(撮影:出村謙知)
ゴールドコーストセブンズ2日目。
何とかコアチームとしてのセブンズワールドシリーズ(SWS)初勝利を挙げたかった日本だったが、ボウル準々決勝でアメリカに、そしてシールド準決勝でケニアに敗れて、5戦5敗で大会を終了した。
「例えるなら、トップリーグに昇格したばかりのチームが全然練習しないで、ずっと厳しいトレーニングを続けている上位チームと対戦するようなもの」(瀬川智広ヘッドコーチ)
予想以上にケガ人が多かったことや、1週間前にアジア大会があったことなどの悪条件も重なり、「ぶっつけ本番」(同HC)と言っていい条件で臨んだ世界へのチャレンジ。
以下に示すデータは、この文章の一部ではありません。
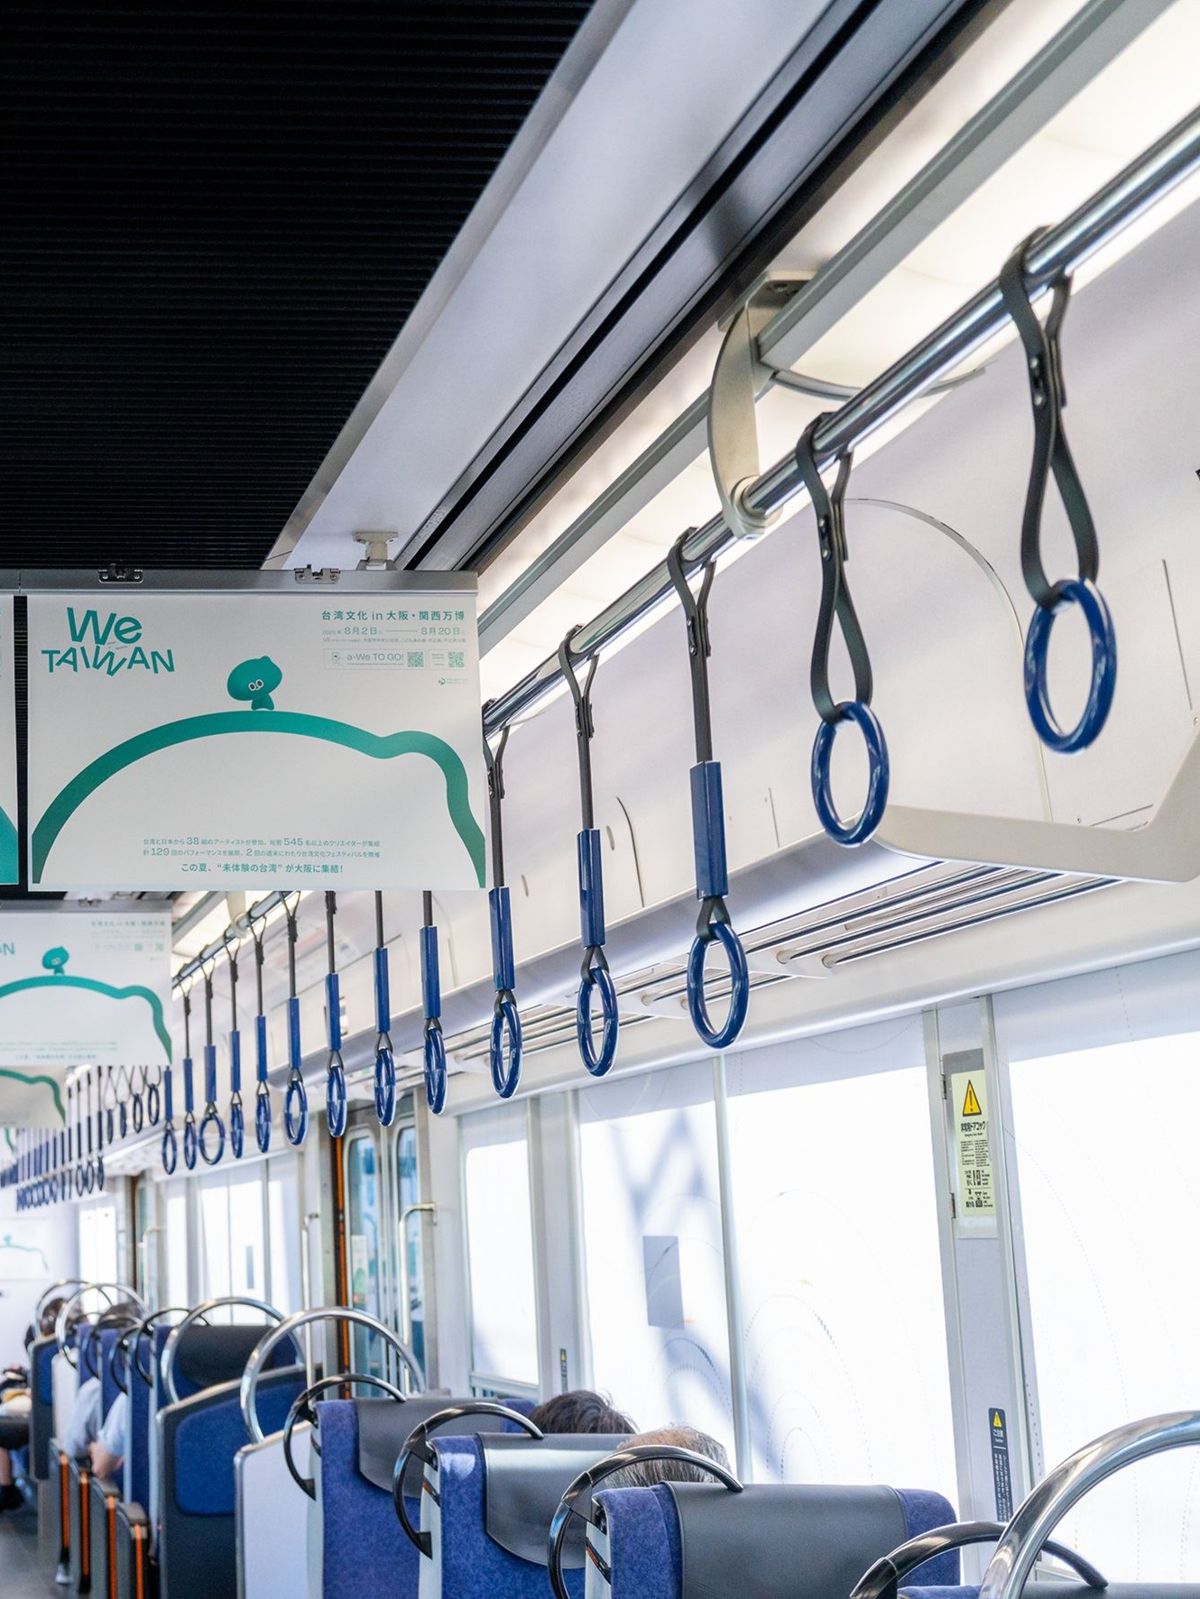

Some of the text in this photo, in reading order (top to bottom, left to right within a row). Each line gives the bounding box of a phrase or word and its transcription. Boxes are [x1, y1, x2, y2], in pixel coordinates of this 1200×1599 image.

[66, 607, 142, 645] We
[371, 611, 383, 621] in
[41, 646, 175, 677] TAIWAN
今季のSWS年間4位までにリオデジャネイロ行きキップが与えられることが確定したこともあって、強豪国がこぞって7人制強化のギアを一気に上げた状態である中、日本が結果を出すのはそもそも虫のいい話だったかもしれない。
前日の予選プールでサモア、ニュージーランド、フランスに3連敗した後、坂井克行主将は「修正すべき点ははっきりしている」と語っていたが、2日目初戦のアメリカ戦でも自分たちのミスからリズムを失い、スクラムでプレッシャーを受けた後、内側のスペースを破られるケースが目立った。
「外側に速い選手がいるのを意識しすぎて本来、日本がやらなければいけないまっすぐ前に出るディフェンスができなかった」(瀬川HC)
それでも、終盤にここまでほとんどプレーの機会がなかった三木亮平が投入されると、それまでやや消極的だったチームメイトに喝を入れるように、自陣深くから思い切って勝負。反応した坂井主将や桑水流裕策などが確実にゲインを切っていった後、再び三木にもボールが渡り、最後は縦にブレイクしたレメキ ロマノ ラヴァから外側の芦谷勇帆、児玉健太郎とつないで、何とか一矢を報いるかっこうとなった(最終スコアは5−26)。
あるいは、この36歳のベテランに導かれたようなトライがチーム全体にインスピレーションを与えたものがあったのかもしれない。
結果的に敗れたとはいえ、最終戦となったケニアとの対戦ではこれまでとは違った攻めの姿勢が見られるようになった。
開始1分でいきなりケニアに先制トライを奪われたものの、4分にこれもベテランの首藤甲子郎がサイズの大きなケニアDF陣をスリ抜けるように前に出た後、再び大外の児玉がトライ。
直後のキックオフからレメキが個人技でトライを奪い、そのまま10−7で前半終了。
後半も3分に自陣から羽野一志、レメキ、首藤の好走の後、よくフォローした芦谷がトライ。
そのトライシーン以外にも、何度もケニアゴールに迫ったが、あと一歩のところでの判断ミスなどで取りきれず、逆にケニアにはターンオーバーからのトライを重ねられて、15−17で惜敗。
「このレベルでの経験をしているかしてないかの差が出た。強化に費やしている時間の差も大きい。ほとんど準備期間がない中、選手たちはよくやってくれた」
最終戦終了後に瀬川HCが語ってくれた総括がすべてを物語っているとおり、日本は負けるべくして負けたのは間違いないだろう。
ただ、新たに加わった選手たちが、世界のトップレベルを体験して、短い期間中に大きな成長を見せたのも確か。
「セブンズを初めて1週間も経っていないが、試合を重ねるごとに、ここは行っていいところ、ここは行ってはいけないところというのが、少しずつわかるようになった」(児玉)
「悔しいのひとこと。もう少し早く持ち味が出せるようになっていれば、もっとチームに貢献できた。また戻ってきたい」(首藤)
間違いなくケニア戦では大きな仕事をしてみせた新旧の走り屋に象徴されるように、今回の経験で得たものを将来的にどう個人として、そして7人制日本代表というチームとして積み上げていくのか。
2年後の五輪へ向けての課題は課題のまま残った大会だったことは確かだ。